**TASK BRIEF:** Identify the line that contains "this 1600×1200 image." in the material. Output it and every line after it, unchanged, through the end.

Content starts

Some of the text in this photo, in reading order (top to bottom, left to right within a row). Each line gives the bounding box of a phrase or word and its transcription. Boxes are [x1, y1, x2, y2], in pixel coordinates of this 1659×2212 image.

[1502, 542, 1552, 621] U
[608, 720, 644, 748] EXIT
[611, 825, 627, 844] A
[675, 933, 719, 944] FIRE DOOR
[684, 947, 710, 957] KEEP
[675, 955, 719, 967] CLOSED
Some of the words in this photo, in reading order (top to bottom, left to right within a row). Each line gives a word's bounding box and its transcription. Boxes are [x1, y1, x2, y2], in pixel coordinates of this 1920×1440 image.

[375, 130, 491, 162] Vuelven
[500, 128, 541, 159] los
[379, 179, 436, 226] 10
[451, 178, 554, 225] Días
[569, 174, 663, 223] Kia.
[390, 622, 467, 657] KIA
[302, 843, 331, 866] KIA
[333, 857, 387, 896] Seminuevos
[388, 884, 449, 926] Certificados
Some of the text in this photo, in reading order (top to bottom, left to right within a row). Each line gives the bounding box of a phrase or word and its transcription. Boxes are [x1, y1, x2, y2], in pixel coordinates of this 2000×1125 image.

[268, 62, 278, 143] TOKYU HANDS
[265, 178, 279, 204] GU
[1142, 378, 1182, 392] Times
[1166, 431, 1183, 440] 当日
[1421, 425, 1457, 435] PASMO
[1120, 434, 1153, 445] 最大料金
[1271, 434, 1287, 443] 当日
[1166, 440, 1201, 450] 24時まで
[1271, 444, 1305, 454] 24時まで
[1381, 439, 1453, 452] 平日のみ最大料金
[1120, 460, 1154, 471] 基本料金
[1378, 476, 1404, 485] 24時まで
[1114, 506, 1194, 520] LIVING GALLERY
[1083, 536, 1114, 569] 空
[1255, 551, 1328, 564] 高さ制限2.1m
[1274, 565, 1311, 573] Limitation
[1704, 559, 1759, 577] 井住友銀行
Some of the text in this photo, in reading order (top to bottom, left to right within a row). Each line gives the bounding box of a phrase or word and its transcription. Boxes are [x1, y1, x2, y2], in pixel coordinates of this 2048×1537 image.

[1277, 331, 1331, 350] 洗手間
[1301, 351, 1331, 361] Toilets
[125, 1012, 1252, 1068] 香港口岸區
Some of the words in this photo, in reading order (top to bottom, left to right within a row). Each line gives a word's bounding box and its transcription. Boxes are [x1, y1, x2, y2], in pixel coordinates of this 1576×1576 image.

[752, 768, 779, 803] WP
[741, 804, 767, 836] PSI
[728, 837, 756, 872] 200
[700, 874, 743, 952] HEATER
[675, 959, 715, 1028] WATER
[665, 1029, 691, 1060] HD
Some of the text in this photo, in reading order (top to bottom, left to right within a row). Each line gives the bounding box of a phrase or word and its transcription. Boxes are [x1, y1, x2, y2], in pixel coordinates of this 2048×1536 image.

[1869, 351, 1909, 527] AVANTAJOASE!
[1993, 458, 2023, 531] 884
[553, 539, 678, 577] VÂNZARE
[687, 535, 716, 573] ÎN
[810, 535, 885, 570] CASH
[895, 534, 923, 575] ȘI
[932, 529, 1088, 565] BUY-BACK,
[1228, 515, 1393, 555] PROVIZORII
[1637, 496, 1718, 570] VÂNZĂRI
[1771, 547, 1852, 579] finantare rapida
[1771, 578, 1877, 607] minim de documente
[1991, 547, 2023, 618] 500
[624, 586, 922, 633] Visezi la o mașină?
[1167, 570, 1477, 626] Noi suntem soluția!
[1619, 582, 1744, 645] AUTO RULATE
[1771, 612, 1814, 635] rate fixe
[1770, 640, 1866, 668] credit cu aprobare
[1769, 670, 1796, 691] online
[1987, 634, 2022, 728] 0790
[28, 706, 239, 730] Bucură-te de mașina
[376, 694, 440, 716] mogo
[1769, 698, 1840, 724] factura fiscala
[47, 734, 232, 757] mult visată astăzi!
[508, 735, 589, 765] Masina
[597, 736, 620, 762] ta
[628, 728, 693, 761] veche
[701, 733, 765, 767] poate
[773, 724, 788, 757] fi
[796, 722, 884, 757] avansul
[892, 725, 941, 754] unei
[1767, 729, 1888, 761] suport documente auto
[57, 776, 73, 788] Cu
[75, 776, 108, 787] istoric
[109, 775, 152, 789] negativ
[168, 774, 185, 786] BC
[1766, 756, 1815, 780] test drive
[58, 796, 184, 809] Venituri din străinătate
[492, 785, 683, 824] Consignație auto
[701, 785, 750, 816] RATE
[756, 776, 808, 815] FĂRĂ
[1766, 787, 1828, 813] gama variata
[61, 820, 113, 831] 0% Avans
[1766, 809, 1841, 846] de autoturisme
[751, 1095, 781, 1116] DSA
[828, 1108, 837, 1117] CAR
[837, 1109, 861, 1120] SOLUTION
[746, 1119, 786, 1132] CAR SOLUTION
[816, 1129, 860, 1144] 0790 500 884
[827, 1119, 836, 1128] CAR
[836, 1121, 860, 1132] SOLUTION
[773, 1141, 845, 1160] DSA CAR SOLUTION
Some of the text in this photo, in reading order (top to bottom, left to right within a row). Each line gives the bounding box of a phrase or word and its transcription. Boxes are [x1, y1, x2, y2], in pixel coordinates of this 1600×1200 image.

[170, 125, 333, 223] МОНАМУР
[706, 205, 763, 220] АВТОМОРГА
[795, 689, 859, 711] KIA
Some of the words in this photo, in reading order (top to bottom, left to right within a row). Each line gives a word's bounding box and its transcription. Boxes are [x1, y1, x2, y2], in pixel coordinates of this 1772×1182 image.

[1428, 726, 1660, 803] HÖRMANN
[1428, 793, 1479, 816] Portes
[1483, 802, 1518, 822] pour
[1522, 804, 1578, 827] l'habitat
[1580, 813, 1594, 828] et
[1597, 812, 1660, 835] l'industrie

Content ends

**SOLUTION TO THIS TASK:**
Some of the text in this photo, in reading order (top to bottom, left to right within a row). Each line gives the bounding box of a phrase or word and its transcription. Boxes are [x1, y1, x2, y2], in pixel coordinates of this 1600×1200 image.

[170, 125, 333, 223] МОНАМУР
[706, 205, 763, 220] АВТОМОРГА
[795, 689, 859, 711] KIA
Some of the words in this photo, in reading order (top to bottom, left to right within a row). Each line gives a word's bounding box and its transcription. Boxes are [x1, y1, x2, y2], in pixel coordinates of this 1772×1182 image.

[1428, 726, 1660, 803] HÖRMANN
[1428, 793, 1479, 816] Portes
[1483, 802, 1518, 822] pour
[1522, 804, 1578, 827] l'habitat
[1580, 813, 1594, 828] et
[1597, 812, 1660, 835] l'industrie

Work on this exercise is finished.